Quote:
Originally Posted by lrt's friend
It is not wise to compare with REM that also serves the far reaches of the suburbs. There is not much beyond the Brossard terminus
Ottawa's urban design is different because of the Greenbelt, but at least 400,000 now live beyond the Greenbelt today and much more in the future. That is 40% of the population and increasing. It is quite clear that Ottawa does not want to run all suburban buses to a rail head inside the Greenbelt. Blair is perfect example with many Orleans routes no longer reaching Blair. This guarantees lousy service.
|
Quote:
Originally Posted by phil235
As you mentioned before, the way to serve those places is by commuter rail, as they are commuter rail distances from downtown. Since that ship has mostly sailed, I think the point being made is that service would be vastly improved by having single hubs in those places, rather than trying to serve them by LRT. You can give low density suburbs far superior service with transitways than you can by LRT.

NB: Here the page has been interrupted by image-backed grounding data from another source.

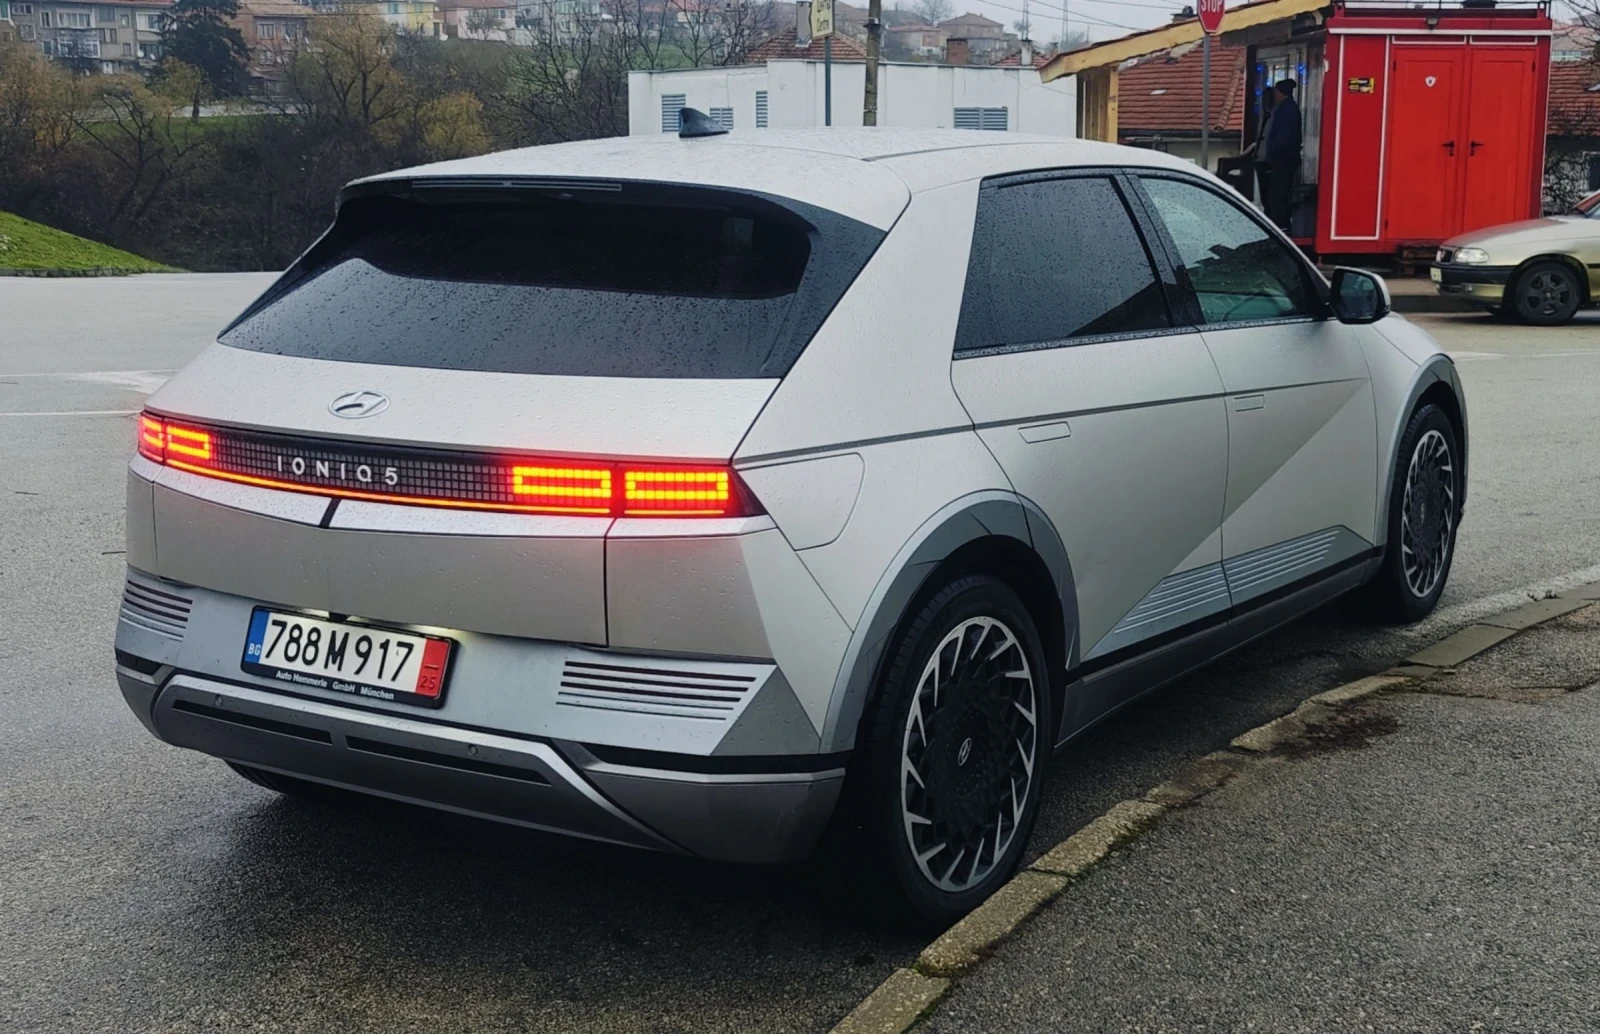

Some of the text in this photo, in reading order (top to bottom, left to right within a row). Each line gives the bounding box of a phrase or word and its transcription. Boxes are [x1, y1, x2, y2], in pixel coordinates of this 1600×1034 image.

[1201, 0, 1223, 12] STOP
[277, 455, 398, 485] IONIQ 5
[248, 643, 261, 656] BG
[276, 670, 395, 700] Auto Hemmerle GmbH München
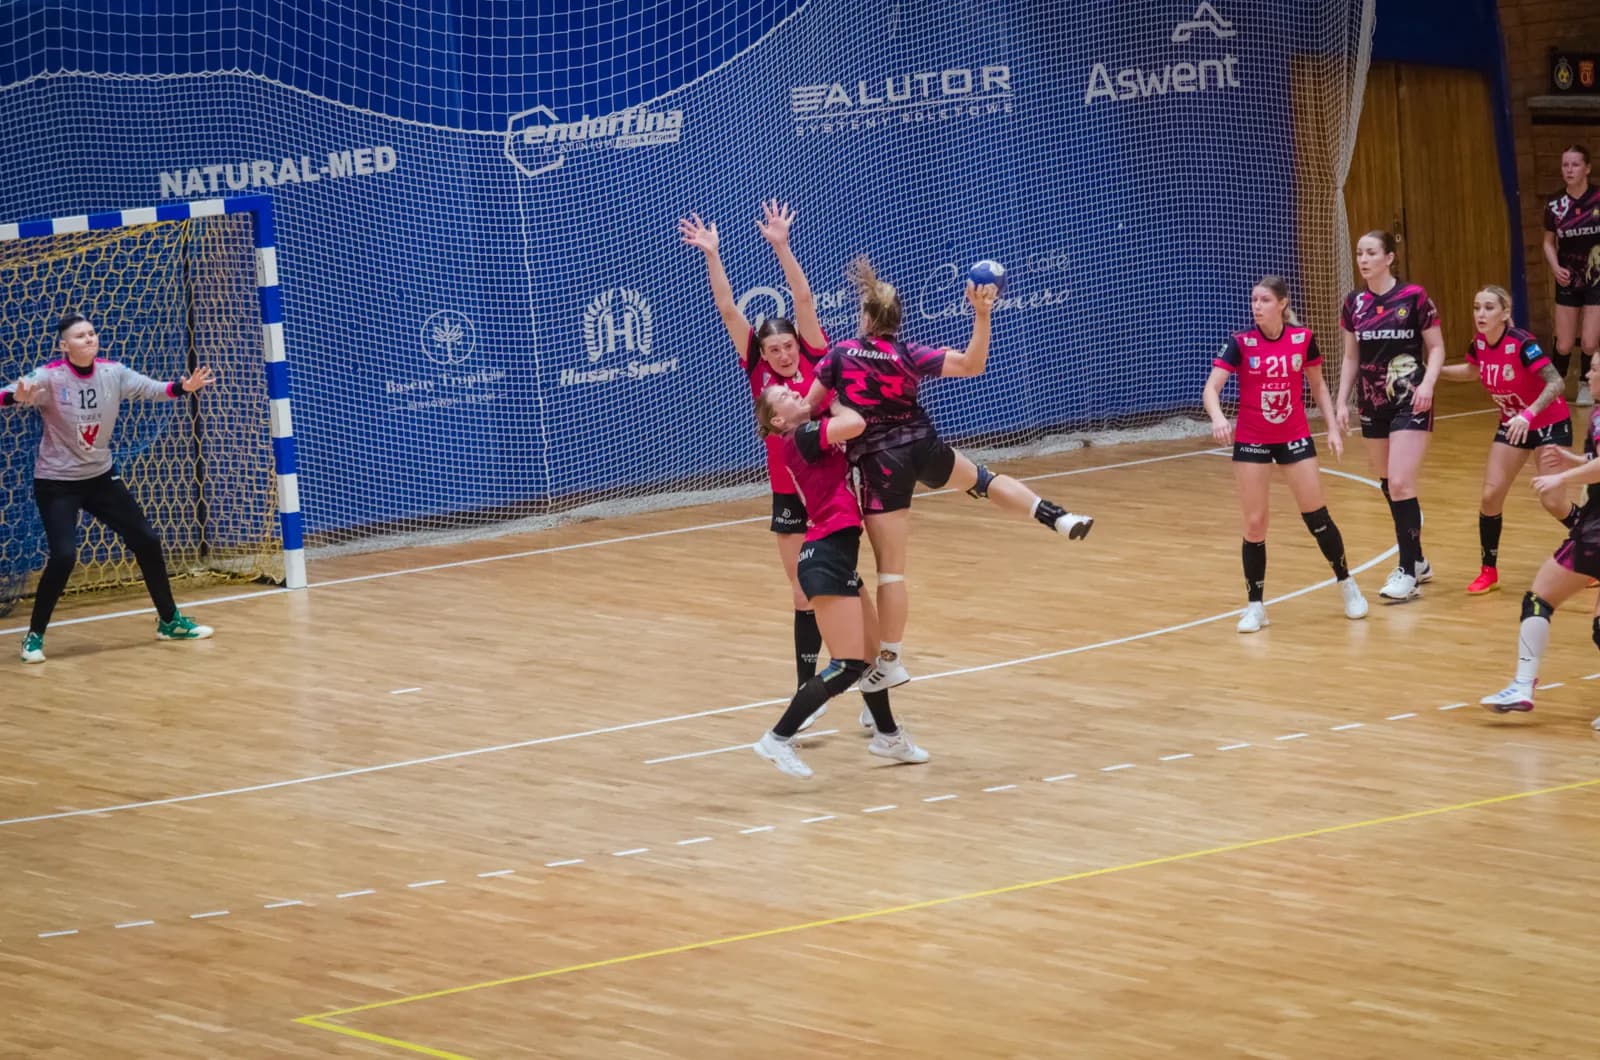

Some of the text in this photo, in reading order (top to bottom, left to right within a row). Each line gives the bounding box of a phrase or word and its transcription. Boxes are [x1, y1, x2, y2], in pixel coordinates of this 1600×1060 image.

[823, 66, 1012, 109] ALUTOR
[1085, 54, 1240, 106] Aswent
[523, 108, 683, 145] endorfina
[159, 146, 397, 199] NATURAL-MED
[1362, 329, 1414, 341] SUZUKI
[560, 358, 678, 386] Husar-Sport
[1265, 355, 1289, 378] 21
[1486, 364, 1500, 387] 17
[79, 388, 97, 410] 12

The attempt to extend LRT to the farthest reaches of Ottawa where it is almost exclusively a commuter service is OC Transpo's biggest Achilles heel. Transitways would work great for basically everything outside the Greenbelt. If we could only let transit planners lead rather than politicians planning transit, that is what we would have.
|
The main difference I see between REM and the Ottawa O-train is that REM is automated which can greatly reduce operating costs. But REM doesn't stretch a long way from downtown the way commuter rail often does. Brossard station is only 12.5km as the crow flies from downtown, and the only reason it's on the far reaches of the suburbs is because Montreal's suburbs end so close to the city centre for a metro area that size. The furthest that REM will stretch from downtown is about 30km while commuter rail regularly stretches over twice that distance. For instance, Barrie which is served by GO's Barrie line is 85km from Union, Kitchener is 90km. Even in Montreal, its two furthest Exo lines stretch 45km from downtown.

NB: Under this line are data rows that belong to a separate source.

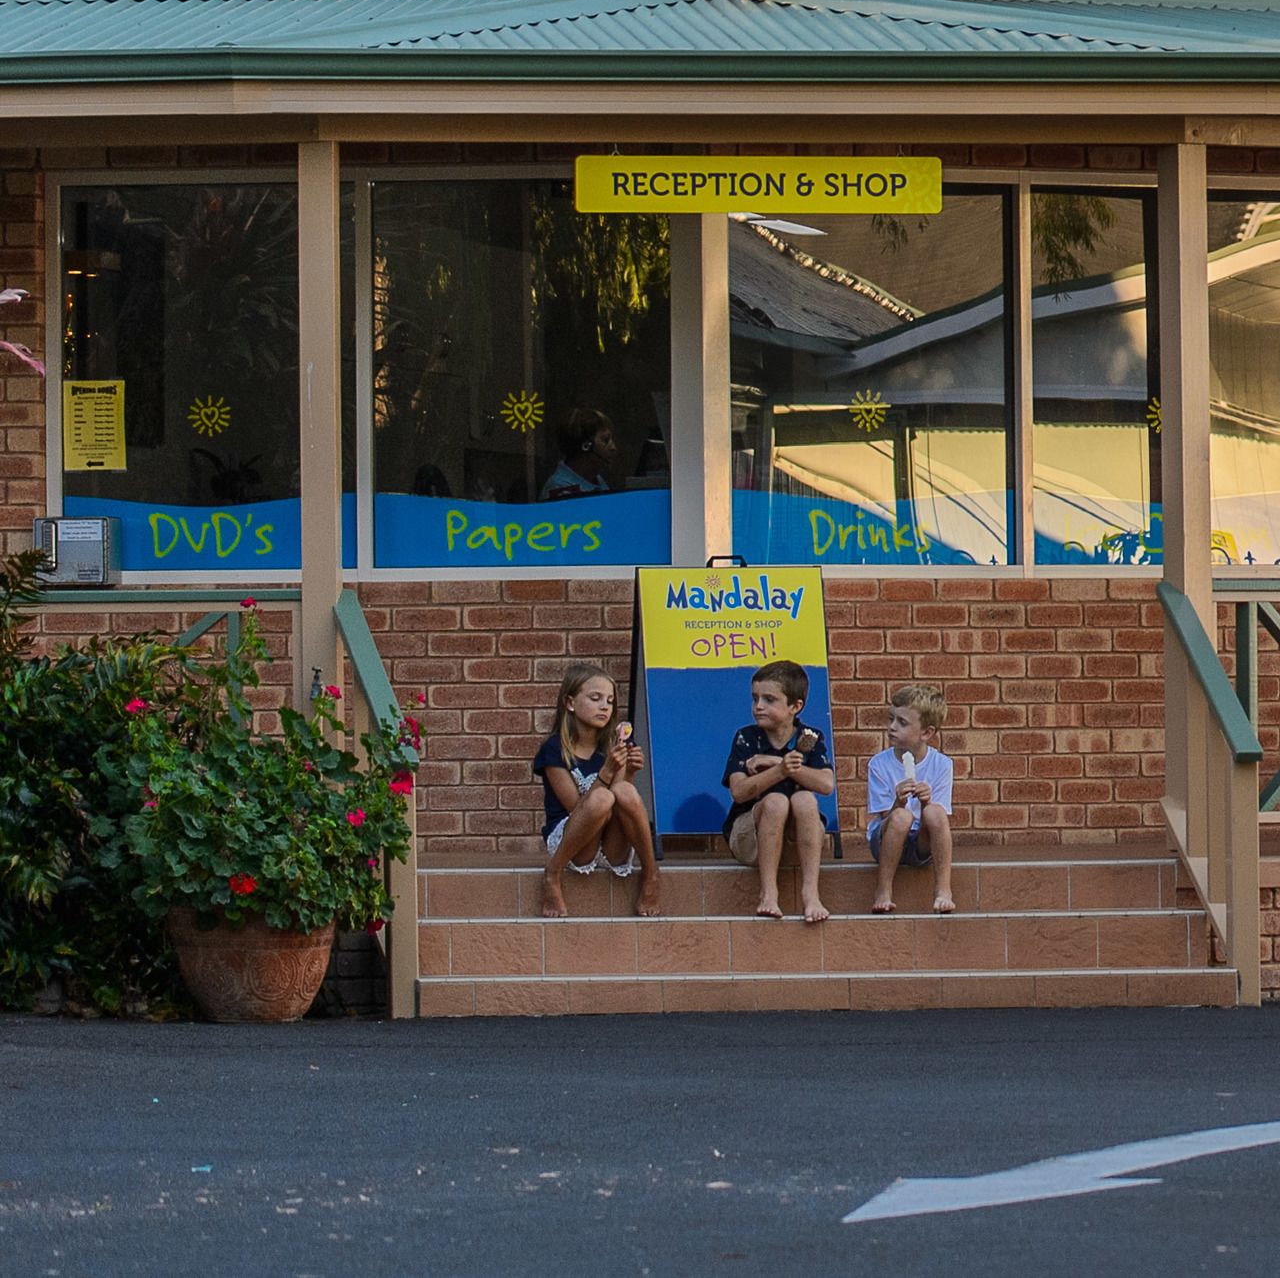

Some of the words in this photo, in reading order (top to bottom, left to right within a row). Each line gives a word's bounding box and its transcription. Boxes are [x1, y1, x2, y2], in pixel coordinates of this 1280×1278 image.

[611, 171, 787, 197] RECEPTION
[795, 174, 815, 196] &
[824, 172, 908, 197] SHOP
[148, 511, 274, 559] DVD's
[446, 509, 602, 561] Papers
[808, 508, 932, 556] Drinks
[684, 620, 742, 630] RECEPTION
[745, 621, 752, 629] &
[754, 620, 783, 629] SHOP
[690, 632, 777, 660] OPEN!

I'd argue that the only setting that's really "ideal" for commuter rail is covering these type of long distances to serve satellite cities with big gaps in development between them and the major city. Places within the metro area where there is continuous development are almost always best served with a REM-type system, and the only reason conventional commuter rail often fills that role is due to cost since it's possible for it to use existing tracks. But even Greater Toronto recognized that a REM setup was better for immediate suburbs decades ago with the proposed GO ALRT which was basically REM before REM existed. In fact, that's how the technology for the Scarborough RT and Vancouver Skytrain originated.
A REM system is much more frequent, and uses lightweight EMUs which allows more stops without the same time penalty due to fast acceleration. Conventional commuter rail can use EMUs as well but not lightweight, metro-like ones since they aren't allowed on mainline rail tracks shared with conventional trains. The only real downside to REM/ALRT systems is the higher cost required to build all new, electrified, fully grade-separated track. But in this case, cheaper is just cheaper. It isn't better value. And once the infrastructure has been built, it allows for far better service since it isn't very expensive to run trains frequently.